Your goal:
Reproduce the records below exactly; the images should not appear.

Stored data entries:

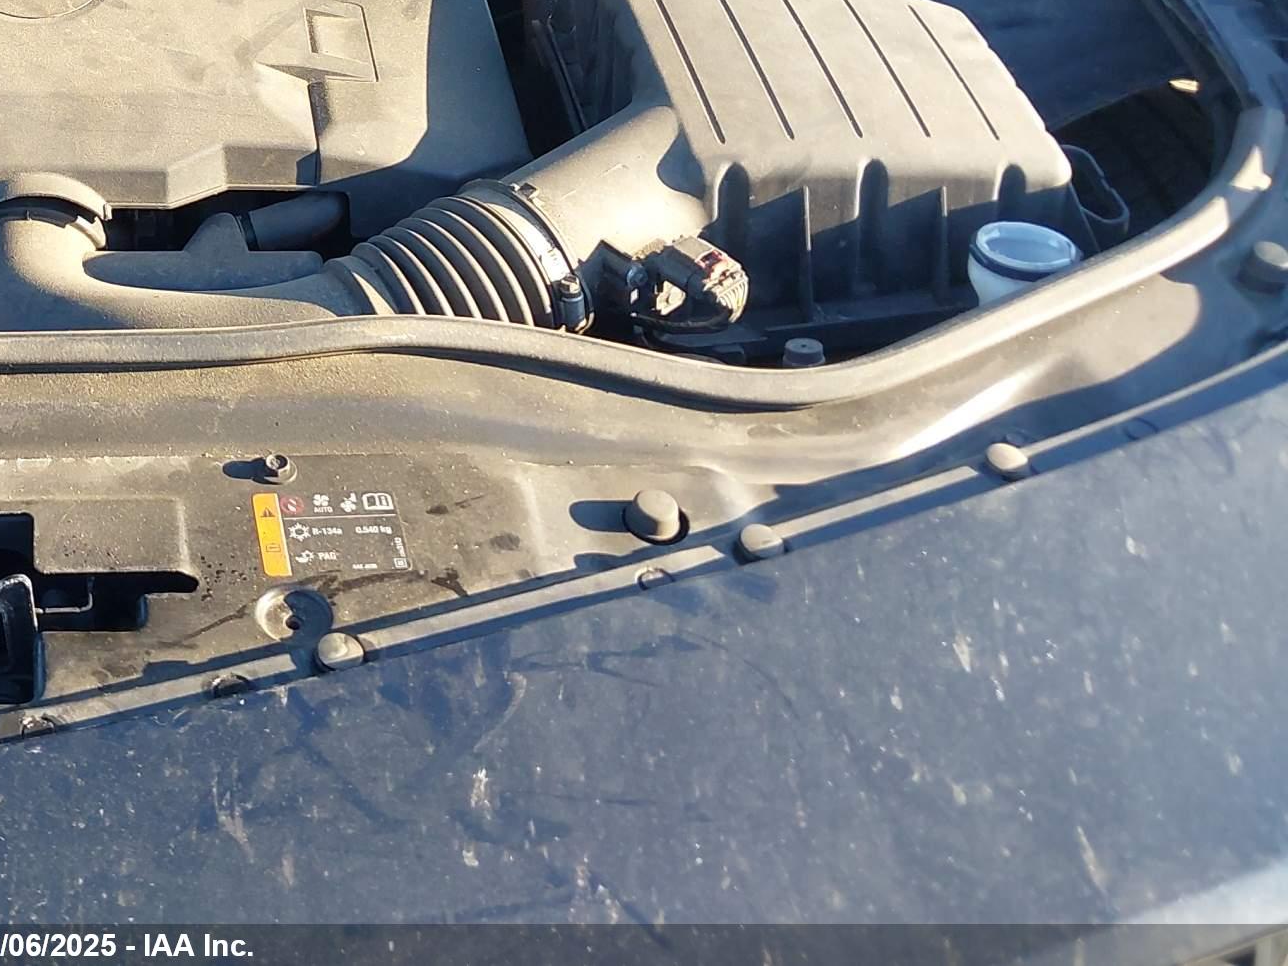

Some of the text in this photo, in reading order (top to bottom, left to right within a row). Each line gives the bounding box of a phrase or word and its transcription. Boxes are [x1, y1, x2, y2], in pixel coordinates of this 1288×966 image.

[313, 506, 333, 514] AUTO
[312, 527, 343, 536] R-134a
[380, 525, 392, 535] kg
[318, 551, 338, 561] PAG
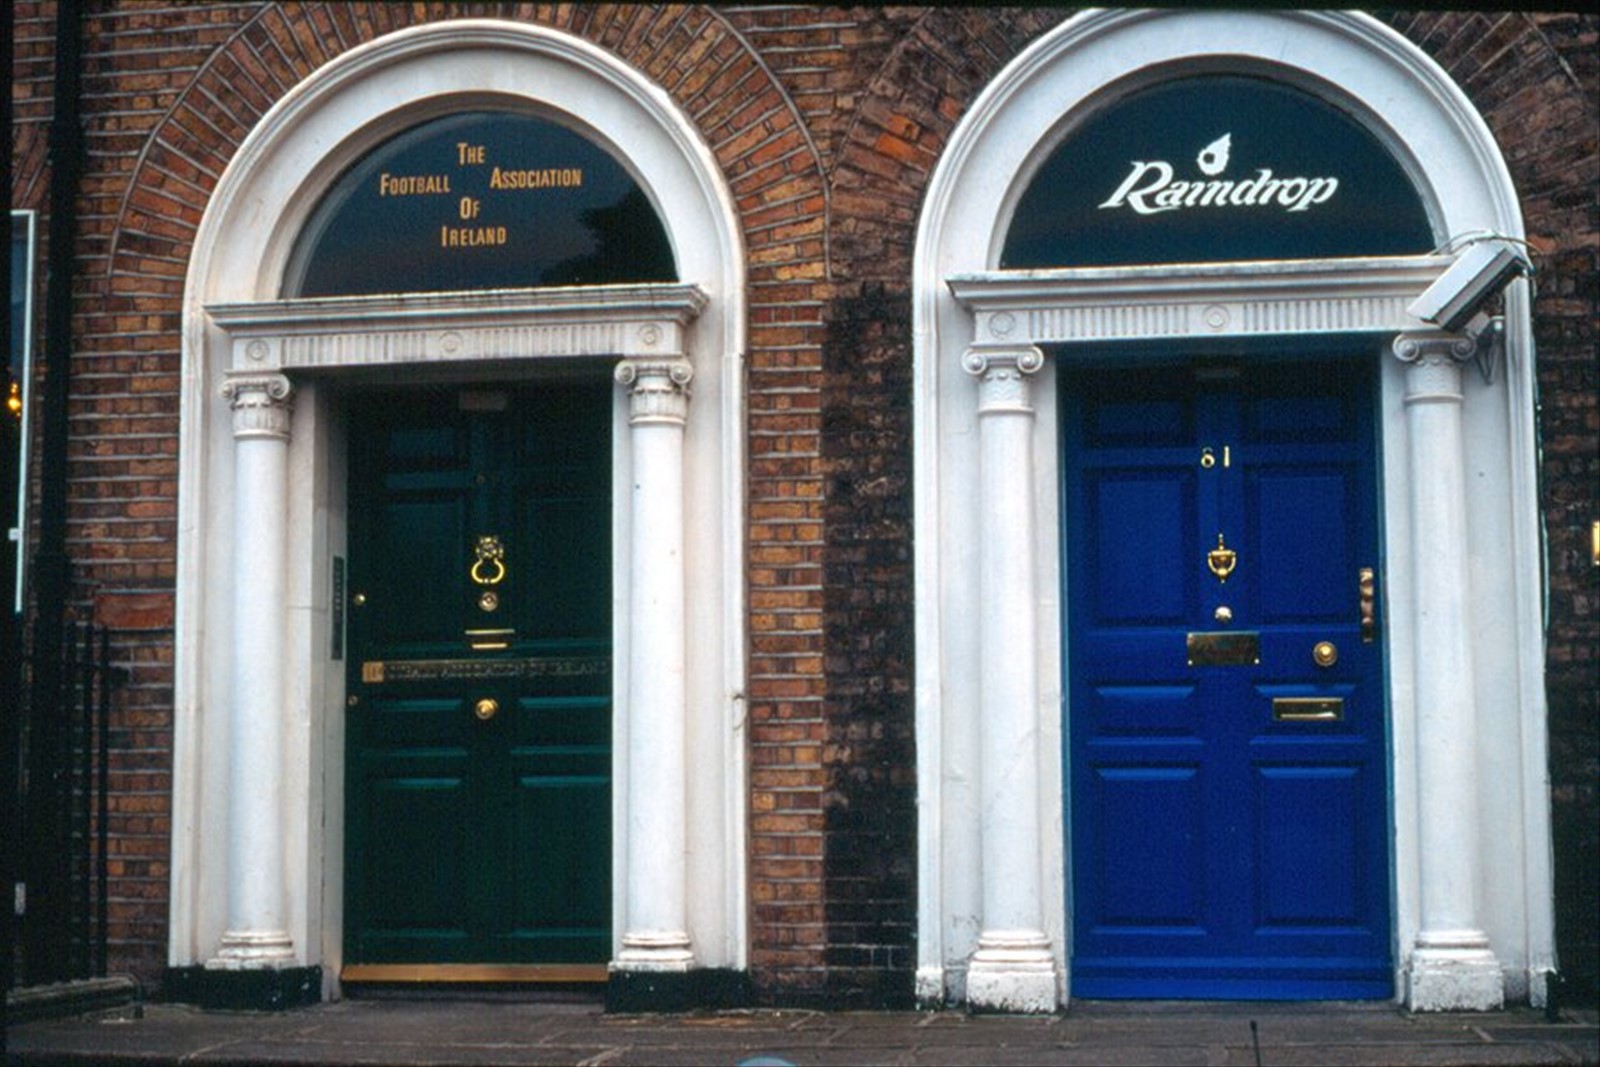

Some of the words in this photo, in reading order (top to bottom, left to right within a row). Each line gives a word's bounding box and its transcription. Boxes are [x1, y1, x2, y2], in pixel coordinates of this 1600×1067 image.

Answer:
Some of the text in this photo, in reading order (top to bottom, left to right within a row). Each line gives the bounding box of a phrase or word and its transcription. Boxes are [x1, y1, x2, y2], in pixel coordinates of this 1288×966 image.

[313, 506, 333, 514] AUTO
[312, 527, 343, 536] R-134a
[380, 525, 392, 535] kg
[318, 551, 338, 561] PAG

Some of the words in this photo, in reading order (top to bottom, left to right within a row). Each line gives a word's bounding box and its transcription. Boxes are [x1, y1, x2, y2], in pixel coordinates of this 1600×1067 image.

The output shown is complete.